TASK GOAL — Beginning at the line that contains "Some of the words", write out each remaining line of the entries below exactly as it stands.
··· GIVEN DATA ···
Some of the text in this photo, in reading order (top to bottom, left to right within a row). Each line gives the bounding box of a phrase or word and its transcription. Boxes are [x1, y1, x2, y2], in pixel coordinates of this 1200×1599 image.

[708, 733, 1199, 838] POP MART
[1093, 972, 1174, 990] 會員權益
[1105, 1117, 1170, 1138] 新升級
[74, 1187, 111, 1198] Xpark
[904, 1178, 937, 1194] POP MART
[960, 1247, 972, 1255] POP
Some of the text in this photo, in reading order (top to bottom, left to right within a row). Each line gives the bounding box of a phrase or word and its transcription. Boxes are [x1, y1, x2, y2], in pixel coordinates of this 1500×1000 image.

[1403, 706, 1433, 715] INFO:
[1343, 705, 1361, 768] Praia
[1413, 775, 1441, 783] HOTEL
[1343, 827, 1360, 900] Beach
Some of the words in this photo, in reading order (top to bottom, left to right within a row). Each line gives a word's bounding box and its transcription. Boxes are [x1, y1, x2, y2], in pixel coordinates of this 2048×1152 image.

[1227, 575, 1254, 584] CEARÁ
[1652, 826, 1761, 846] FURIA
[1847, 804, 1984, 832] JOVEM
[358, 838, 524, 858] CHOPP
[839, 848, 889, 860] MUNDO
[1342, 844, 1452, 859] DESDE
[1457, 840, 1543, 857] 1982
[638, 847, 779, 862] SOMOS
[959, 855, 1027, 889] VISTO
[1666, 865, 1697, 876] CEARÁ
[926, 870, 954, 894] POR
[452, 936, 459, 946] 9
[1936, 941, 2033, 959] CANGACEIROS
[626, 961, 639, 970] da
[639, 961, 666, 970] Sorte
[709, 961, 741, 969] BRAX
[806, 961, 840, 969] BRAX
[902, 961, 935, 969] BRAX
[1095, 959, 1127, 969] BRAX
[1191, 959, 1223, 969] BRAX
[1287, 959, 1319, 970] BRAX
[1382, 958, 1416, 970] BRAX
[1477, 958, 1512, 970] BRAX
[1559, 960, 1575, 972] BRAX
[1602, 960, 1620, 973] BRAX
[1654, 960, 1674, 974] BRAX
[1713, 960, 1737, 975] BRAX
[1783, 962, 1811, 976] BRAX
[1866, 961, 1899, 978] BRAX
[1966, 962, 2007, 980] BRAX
···
SOLUTION FOR THIS EXERCISE —
Some of the words in this photo, in reading order (top to bottom, left to right within a row). Each line gives a word's bounding box and its transcription. Boxes are [x1, y1, x2, y2], in pixel coordinates of this 2048×1152 image.

[1227, 575, 1254, 584] CEARÁ
[1652, 826, 1761, 846] FURIA
[1847, 804, 1984, 832] JOVEM
[358, 838, 524, 858] CHOPP
[839, 848, 889, 860] MUNDO
[1342, 844, 1452, 859] DESDE
[1457, 840, 1543, 857] 1982
[638, 847, 779, 862] SOMOS
[959, 855, 1027, 889] VISTO
[1666, 865, 1697, 876] CEARÁ
[926, 870, 954, 894] POR
[452, 936, 459, 946] 9
[1936, 941, 2033, 959] CANGACEIROS
[626, 961, 639, 970] da
[639, 961, 666, 970] Sorte
[709, 961, 741, 969] BRAX
[806, 961, 840, 969] BRAX
[902, 961, 935, 969] BRAX
[1095, 959, 1127, 969] BRAX
[1191, 959, 1223, 969] BRAX
[1287, 959, 1319, 970] BRAX
[1382, 958, 1416, 970] BRAX
[1477, 958, 1512, 970] BRAX
[1559, 960, 1575, 972] BRAX
[1602, 960, 1620, 973] BRAX
[1654, 960, 1674, 974] BRAX
[1713, 960, 1737, 975] BRAX
[1783, 962, 1811, 976] BRAX
[1866, 961, 1899, 978] BRAX
[1966, 962, 2007, 980] BRAX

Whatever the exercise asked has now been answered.